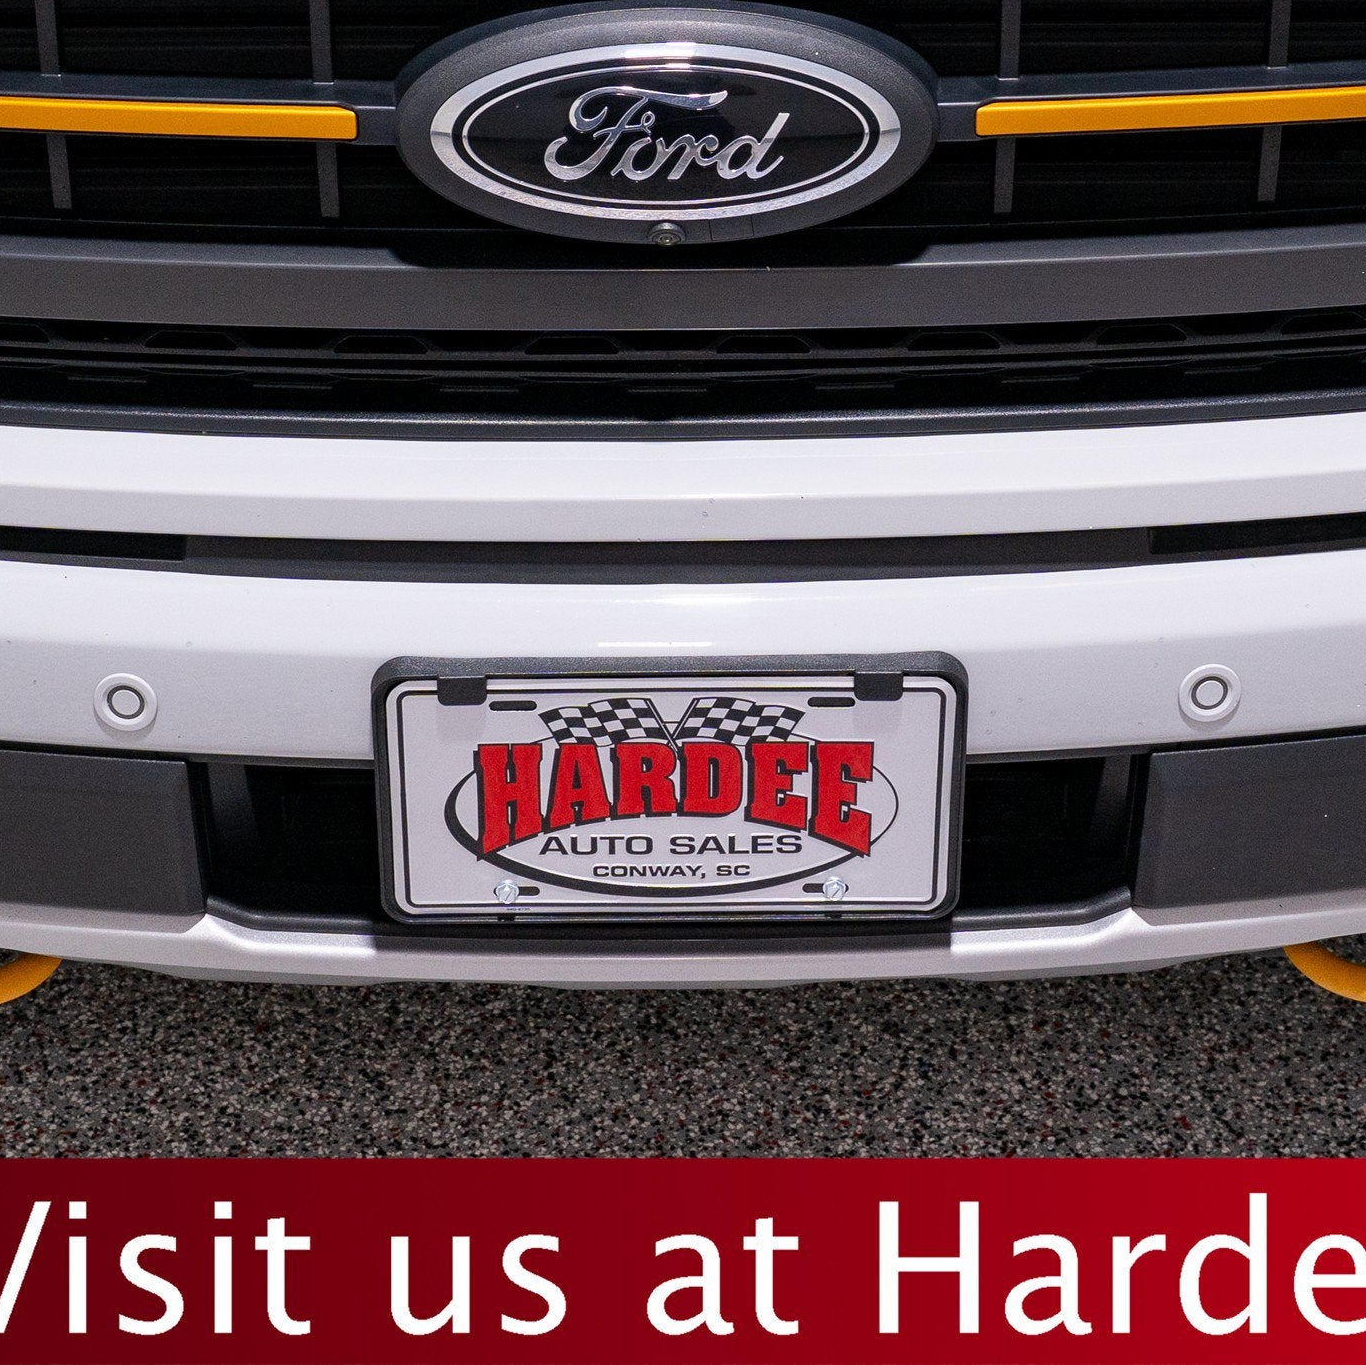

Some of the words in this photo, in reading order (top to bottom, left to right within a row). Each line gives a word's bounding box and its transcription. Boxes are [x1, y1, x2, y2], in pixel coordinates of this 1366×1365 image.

[544, 86, 790, 181] Ford
[473, 740, 874, 861] HARDEE
[538, 835, 654, 856] AUTO
[669, 834, 803, 855] SALES
[591, 863, 707, 880] CONWAY,
[716, 863, 751, 878] SC
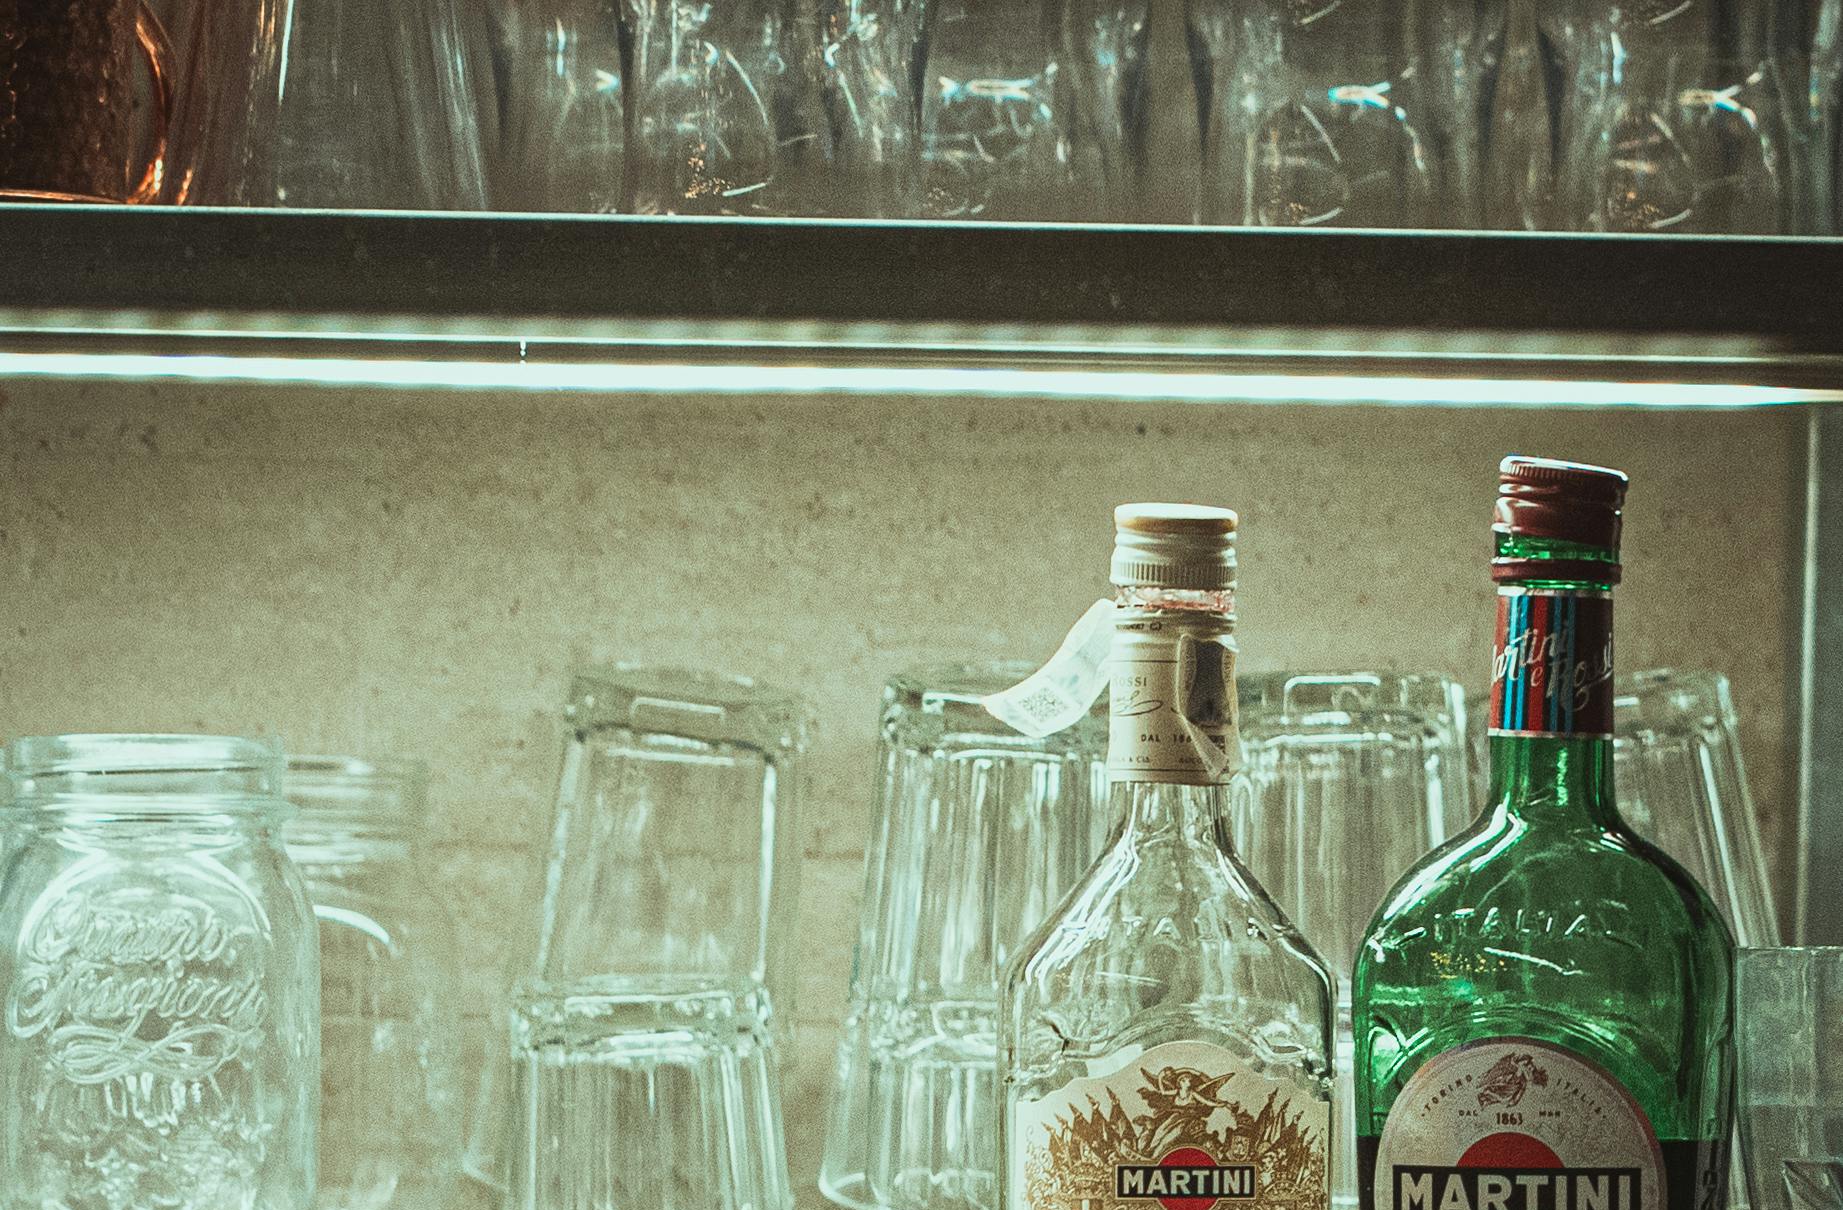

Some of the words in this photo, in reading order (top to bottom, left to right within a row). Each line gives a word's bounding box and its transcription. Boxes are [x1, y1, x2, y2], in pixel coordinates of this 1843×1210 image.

[1141, 734, 1161, 742] DAL
[1173, 734, 1193, 743] 186
[1496, 1112, 1524, 1126] 1863
[1123, 1169, 1252, 1196] MARTINI
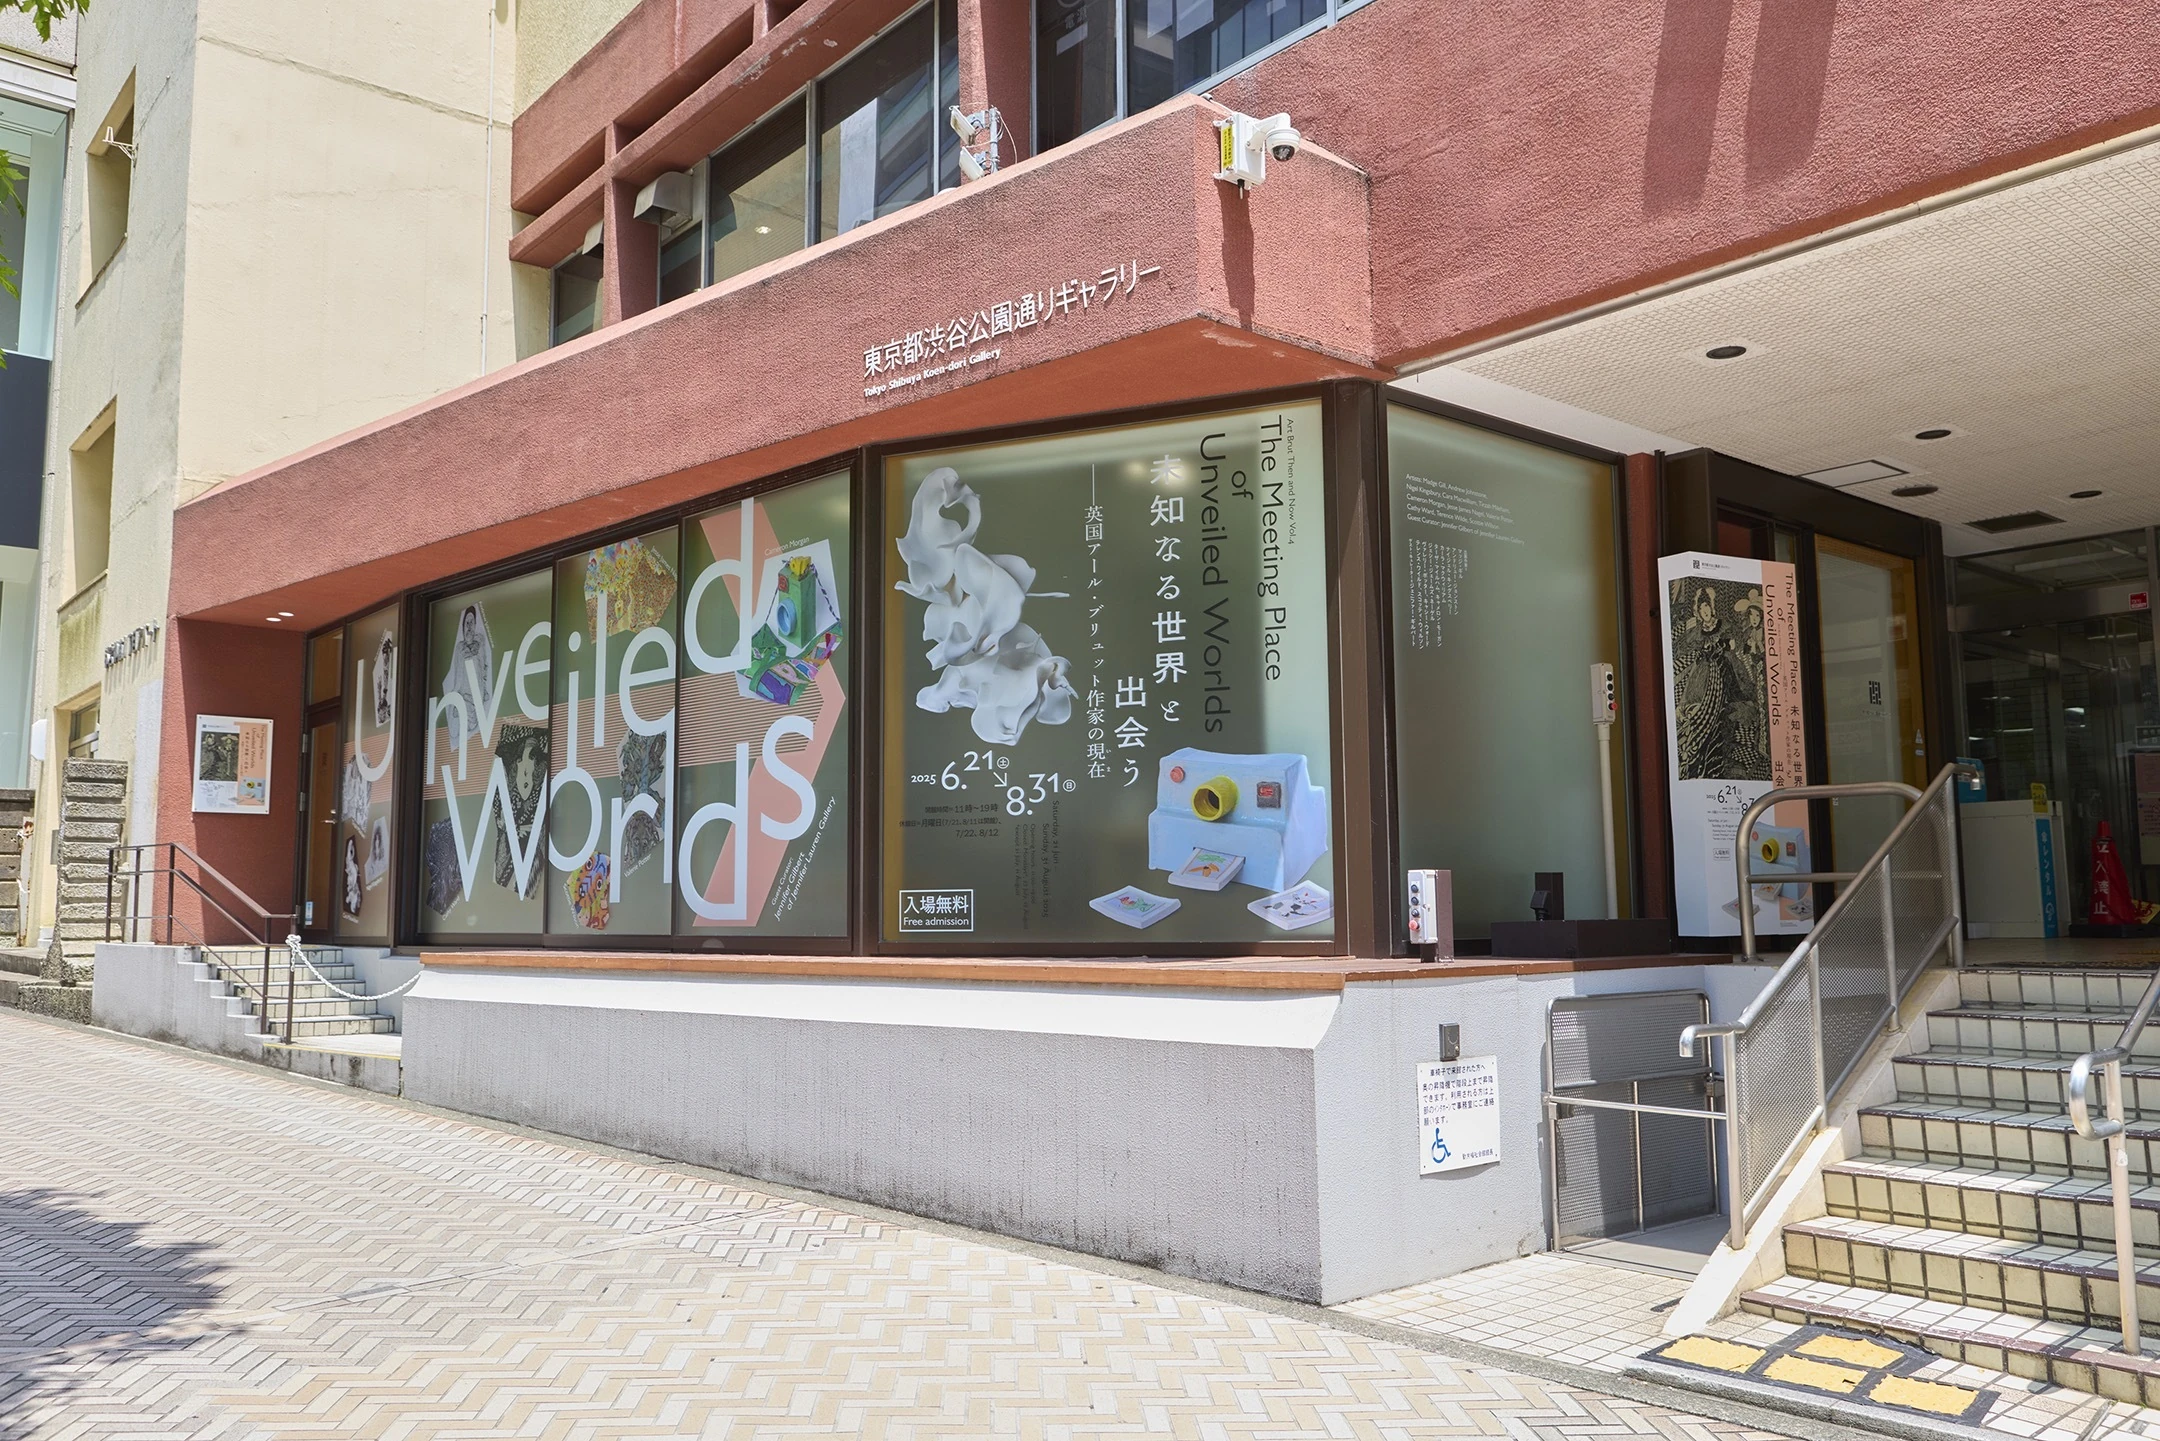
┄┄┄┄┄┄┄┄┄┄┄┄┄┄┄┄┄┄┄┄
- Exercise requirements
Please transcribe each entry exactly, but skip any picture it holds.

- Your response
Some of the words in this photo, in reading order (top to bottom, left to right within a row). Each line gives a word's bounding box and its transcription. Boxes are [x1, y1, x2, y2], in pixel coordinates of this 1366×1365 image.

[544, 86, 790, 181] Ford
[473, 740, 874, 861] HARDEE
[538, 835, 654, 856] AUTO
[669, 834, 803, 855] SALES
[591, 863, 707, 880] CONWAY,
[716, 863, 751, 878] SC

Some of the words in this photo, in reading order (top to bottom, left to right within a row). Each line gives a word's bounding box and its transcription. Boxes are [x1, y1, x2, y2], in pixel coordinates of this 1843×1210 image.

[1141, 734, 1161, 742] DAL
[1173, 734, 1193, 743] 186
[1496, 1112, 1524, 1126] 1863
[1123, 1169, 1252, 1196] MARTINI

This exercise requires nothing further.